Aim of the exercise: Every entry below is to be retyped exactly as it appears.

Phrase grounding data

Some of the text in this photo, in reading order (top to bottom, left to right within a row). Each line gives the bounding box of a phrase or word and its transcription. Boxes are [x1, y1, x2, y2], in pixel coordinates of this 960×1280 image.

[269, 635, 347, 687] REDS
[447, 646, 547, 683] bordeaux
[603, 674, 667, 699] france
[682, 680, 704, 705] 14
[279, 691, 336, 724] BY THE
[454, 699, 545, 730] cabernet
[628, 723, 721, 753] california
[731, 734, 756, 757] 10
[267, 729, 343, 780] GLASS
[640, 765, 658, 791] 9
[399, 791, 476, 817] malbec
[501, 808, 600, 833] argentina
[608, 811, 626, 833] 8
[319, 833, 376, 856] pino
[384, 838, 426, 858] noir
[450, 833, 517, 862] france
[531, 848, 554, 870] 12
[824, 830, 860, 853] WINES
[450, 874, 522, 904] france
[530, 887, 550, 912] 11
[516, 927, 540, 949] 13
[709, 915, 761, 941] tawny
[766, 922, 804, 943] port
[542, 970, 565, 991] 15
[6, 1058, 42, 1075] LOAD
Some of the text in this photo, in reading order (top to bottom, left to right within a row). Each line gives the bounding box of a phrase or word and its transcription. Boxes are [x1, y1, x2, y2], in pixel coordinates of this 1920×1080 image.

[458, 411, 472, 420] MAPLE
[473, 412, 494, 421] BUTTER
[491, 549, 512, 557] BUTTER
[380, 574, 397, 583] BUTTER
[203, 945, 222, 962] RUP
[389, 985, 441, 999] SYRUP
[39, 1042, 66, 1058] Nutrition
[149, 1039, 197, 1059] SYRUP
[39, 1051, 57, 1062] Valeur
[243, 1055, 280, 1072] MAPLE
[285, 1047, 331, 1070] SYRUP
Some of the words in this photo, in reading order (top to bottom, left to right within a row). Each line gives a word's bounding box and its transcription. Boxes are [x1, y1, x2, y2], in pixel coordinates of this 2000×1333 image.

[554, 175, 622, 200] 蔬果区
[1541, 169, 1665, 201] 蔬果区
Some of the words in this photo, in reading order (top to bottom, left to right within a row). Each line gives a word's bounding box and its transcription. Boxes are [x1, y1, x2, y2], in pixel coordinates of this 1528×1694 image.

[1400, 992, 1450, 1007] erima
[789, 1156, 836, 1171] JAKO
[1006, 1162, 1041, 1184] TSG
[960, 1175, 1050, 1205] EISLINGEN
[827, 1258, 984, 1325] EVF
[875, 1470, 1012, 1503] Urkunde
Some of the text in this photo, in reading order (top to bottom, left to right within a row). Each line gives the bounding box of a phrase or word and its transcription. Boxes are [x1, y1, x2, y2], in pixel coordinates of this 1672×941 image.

Exercise response:
Some of the text in this photo, in reading order (top to bottom, left to right within a row). Each line gives the bounding box of a phrase or word and its transcription. Boxes are [x1, y1, x2, y2], in pixel coordinates of this 960×1280 image.

[269, 635, 347, 687] REDS
[447, 646, 547, 683] bordeaux
[603, 674, 667, 699] france
[682, 680, 704, 705] 14
[279, 691, 336, 724] BY THE
[454, 699, 545, 730] cabernet
[628, 723, 721, 753] california
[731, 734, 756, 757] 10
[267, 729, 343, 780] GLASS
[640, 765, 658, 791] 9
[399, 791, 476, 817] malbec
[501, 808, 600, 833] argentina
[608, 811, 626, 833] 8
[319, 833, 376, 856] pino
[384, 838, 426, 858] noir
[450, 833, 517, 862] france
[531, 848, 554, 870] 12
[824, 830, 860, 853] WINES
[450, 874, 522, 904] france
[530, 887, 550, 912] 11
[516, 927, 540, 949] 13
[709, 915, 761, 941] tawny
[766, 922, 804, 943] port
[542, 970, 565, 991] 15
[6, 1058, 42, 1075] LOAD
Some of the text in this photo, in reading order (top to bottom, left to right within a row). Each line gives the bounding box of a phrase or word and its transcription. Boxes are [x1, y1, x2, y2], in pixel coordinates of this 1920×1080 image.

[458, 411, 472, 420] MAPLE
[473, 412, 494, 421] BUTTER
[491, 549, 512, 557] BUTTER
[380, 574, 397, 583] BUTTER
[203, 945, 222, 962] RUP
[389, 985, 441, 999] SYRUP
[39, 1042, 66, 1058] Nutrition
[149, 1039, 197, 1059] SYRUP
[39, 1051, 57, 1062] Valeur
[243, 1055, 280, 1072] MAPLE
[285, 1047, 331, 1070] SYRUP
Some of the words in this photo, in reading order (top to bottom, left to right within a row). Each line gives a word's bounding box and its transcription. Boxes are [x1, y1, x2, y2], in pixel coordinates of this 2000×1333 image.

[554, 175, 622, 200] 蔬果区
[1541, 169, 1665, 201] 蔬果区
Some of the words in this photo, in reading order (top to bottom, left to right within a row). Each line gives a word's bounding box and its transcription. Boxes are [x1, y1, x2, y2], in pixel coordinates of this 1528×1694 image.

[1400, 992, 1450, 1007] erima
[789, 1156, 836, 1171] JAKO
[1006, 1162, 1041, 1184] TSG
[960, 1175, 1050, 1205] EISLINGEN
[827, 1258, 984, 1325] EVF
[875, 1470, 1012, 1503] Urkunde
Some of the text in this photo, in reading order (top to bottom, left to right within a row). Each line gives the bounding box of a phrase or word and its transcription. Boxes are [x1, y1, x2, y2], in pixel coordinates of this 1672×941 image.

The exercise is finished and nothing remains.